There was an article this week that seemed to get a lot of attention this week. The writer, someone who has been diagnosed with cancer, made the case for stopping warlike language when talking about cancer. Language like “fight cancer”.
And to that author I say ba-humbug!
To not call this a fight to “just show up to your appointments” and “do what you are told to do” doesn’t begin to describe our lives this year.
Today, six months to the day after diagnosis, Josh went back to school. I’m not there with him but I have a pretty clear idea of what it will be for him. He will be walking from class to class, slower than the two bells allow and getting there late. His friends will join him at his slow pace – using it as a platform for their own small act of rebellion. Even though I made his best friend promise to carry Joshua’s bag, I know Josh will be carrying it himself. He wont say anything but the bag is too heavy for him. By now (four hours in) his face will have taken on the drawn, sunken-cheek look which he gets when he’s tired or in pain. His wheelchair is waiting in reception if he needs it but that will stop him “feeling normal” so he’ll keep plodding on. And even though he’s slow and tired and probably in pain he will get in the car and tell me that today was “great.” And it was. It was a victory.
If we’d just done what we were told Josh would be dead. His first doctor told him he had two months to live. They sent him home, without treatment, to die. Initially Josh (and Shannon and I) did what the doctor told us. We accepted the prognosis. We went home.

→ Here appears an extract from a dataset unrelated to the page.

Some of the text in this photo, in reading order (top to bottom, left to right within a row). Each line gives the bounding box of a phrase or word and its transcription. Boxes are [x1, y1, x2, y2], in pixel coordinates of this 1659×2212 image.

And then Joshua’s best friend decided to fight cancer. He fought with his Mom (also a doctor). He stopped going to school. He stayed in his room. He accused of being a bad doctor. So she started reading oncology journals. And then she decided to fight cancer too. First she fought with the paediatric oncologist to get them to consider treatments. When she couldn’t get anywhere she fought with me to get Josh to a different doctor.

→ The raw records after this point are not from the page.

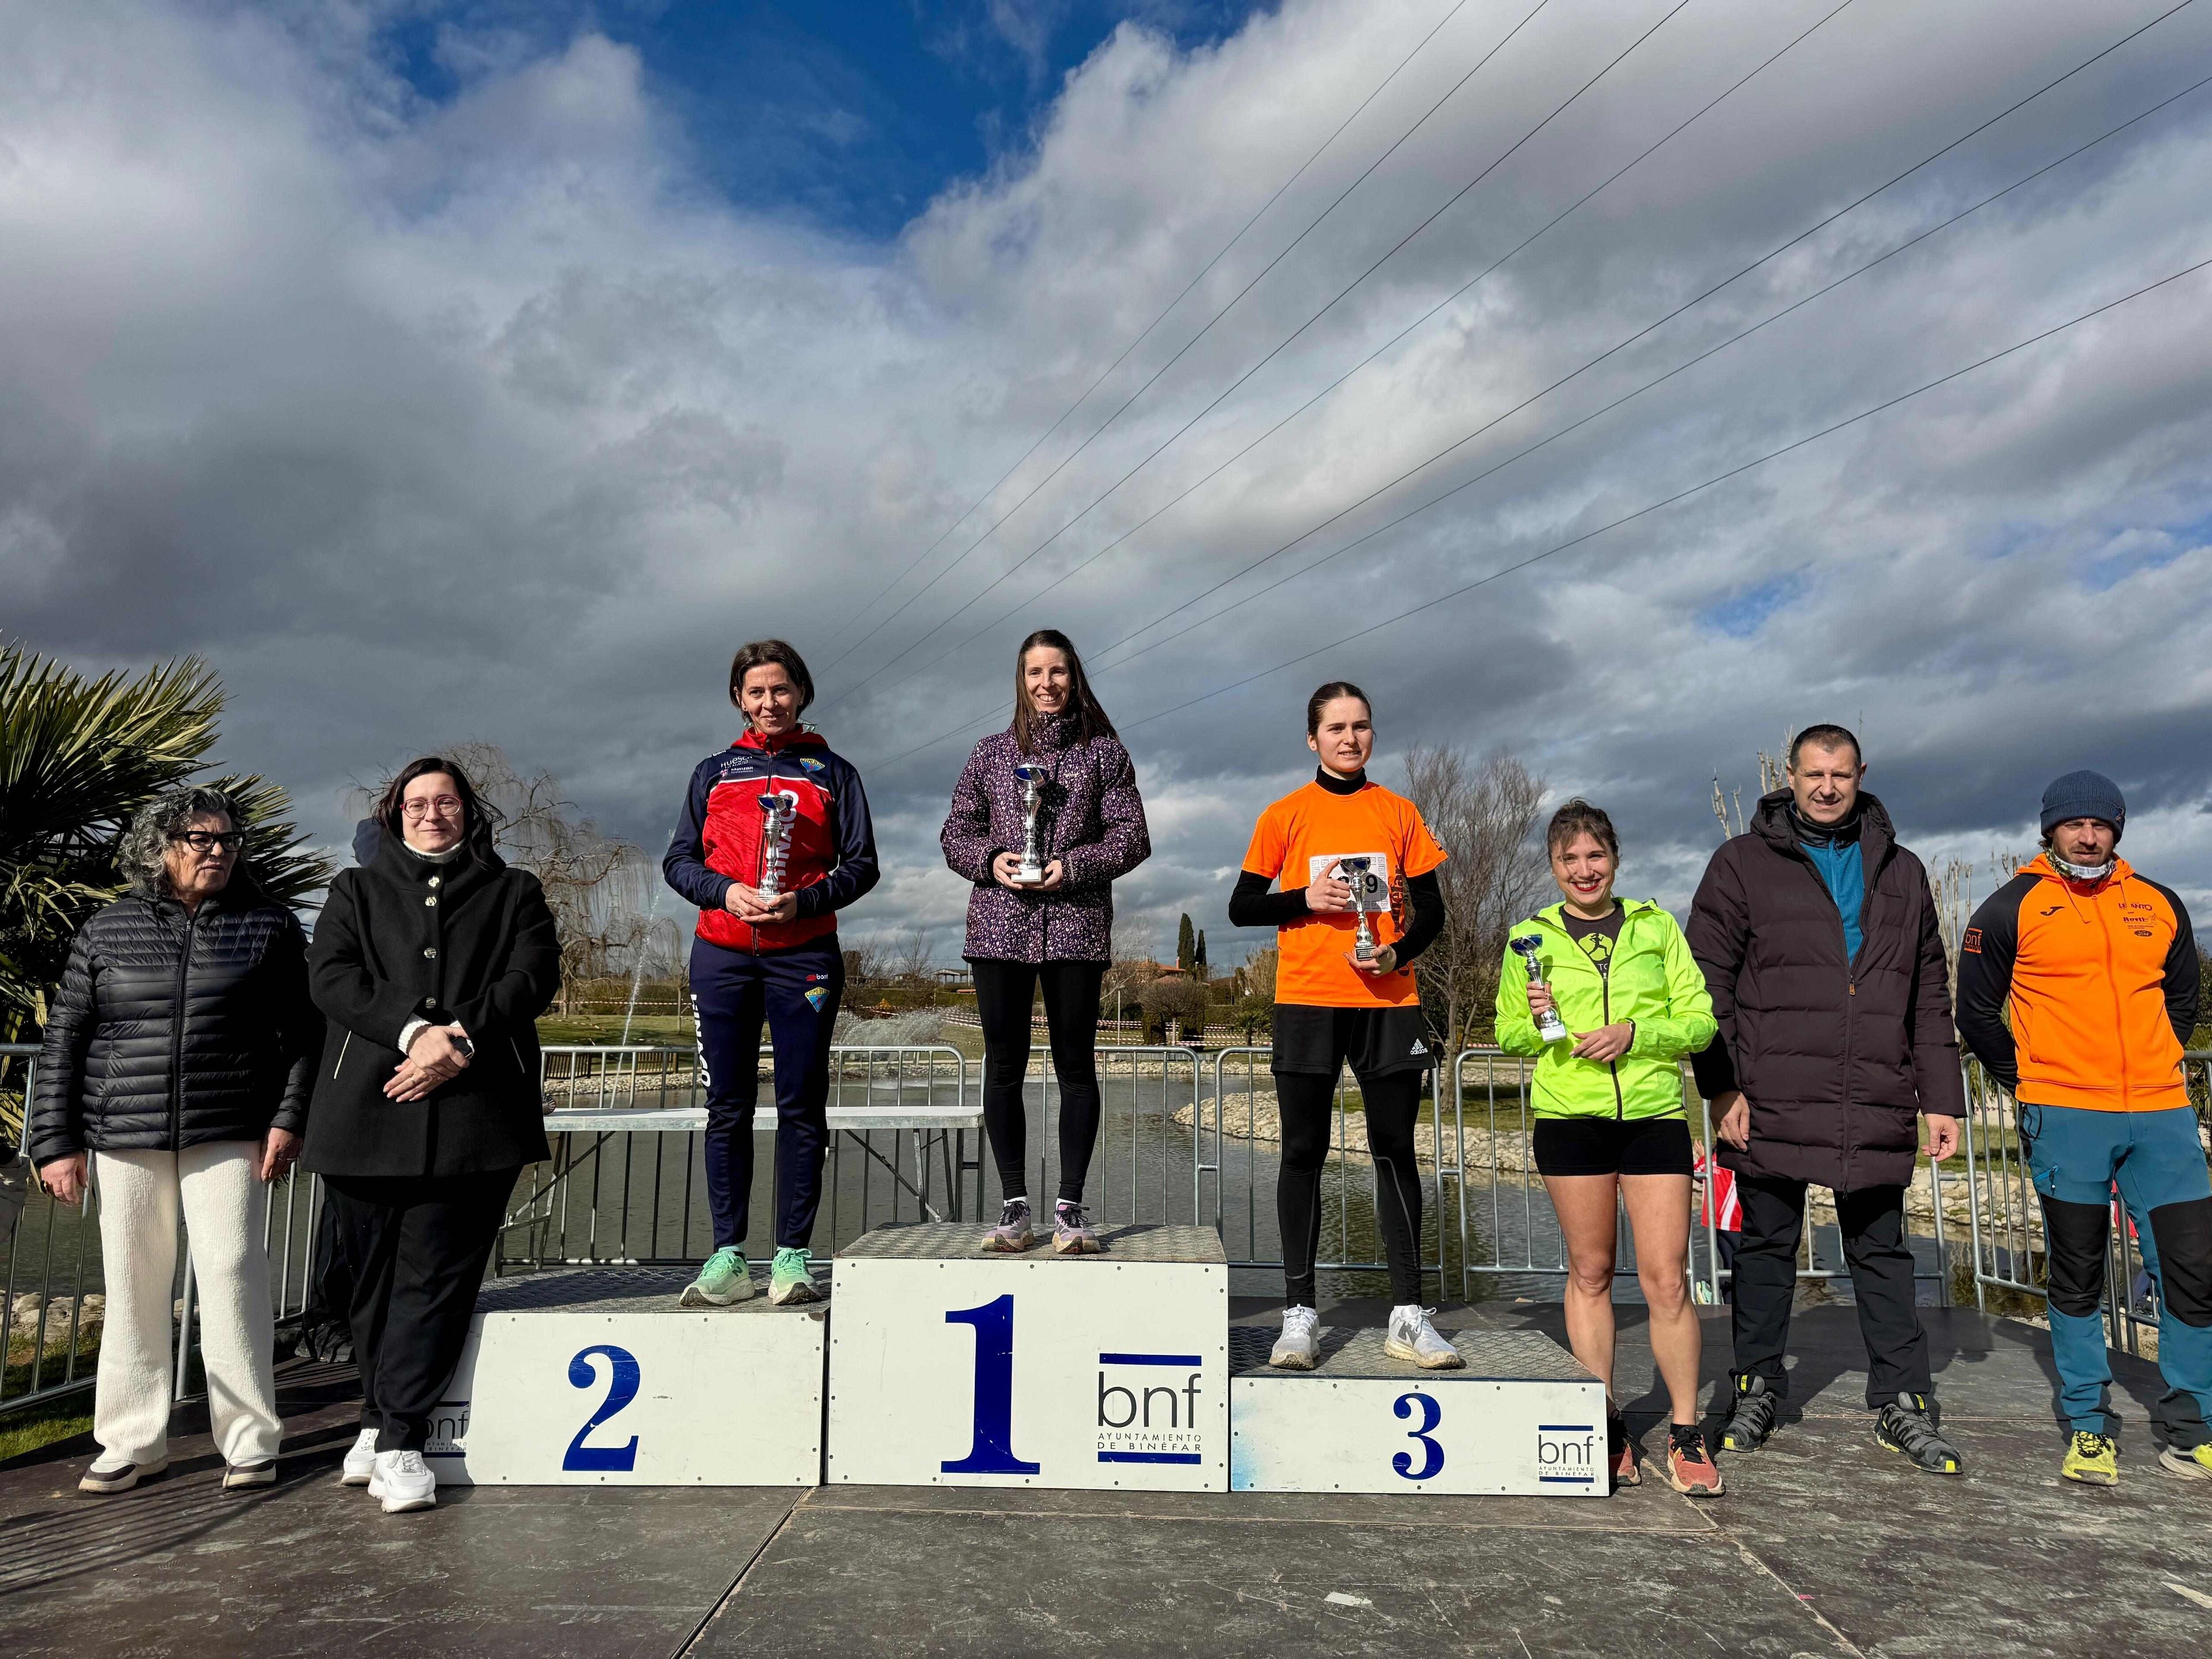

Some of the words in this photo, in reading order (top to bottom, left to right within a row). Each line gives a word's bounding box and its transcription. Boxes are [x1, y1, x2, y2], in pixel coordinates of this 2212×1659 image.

[562, 1345, 641, 1471] 2
[941, 1294, 1041, 1475] 1
[1098, 1371, 1201, 1429] bnf
[1098, 1432, 1202, 1442] AYUNTAMIENTO
[1129, 1442, 1202, 1452] BINÉFAR
[1392, 1393, 1444, 1480] 3
[1538, 1434, 1594, 1464] bnf

And then we fought to get an adult oncologist to treat a child.
And then Josh fought his way through six rounds on chemotherapy.
And then he fought his way out of wheelchair, back on to his feet and ultimately back to school.
And then he fought his way through three (soon to be four) surgeries.
And today we will go off and see if it’ll be possible to fight cancer using a new treatment which isn’t approved in this country yet.
We are tired. We are overwhelmed. We are often terrified. But dammit we are fighting.
Of course I believe it is a war and a war that I am prepared to get deep into the trenches to fight. Josh is my child. Of course I’m a bloody warrior and of course I will fight this fight with every joule of energy I can muster.
I refuse to be one of those timid souls who “know neither victory nor defeat.” I keep on fighting.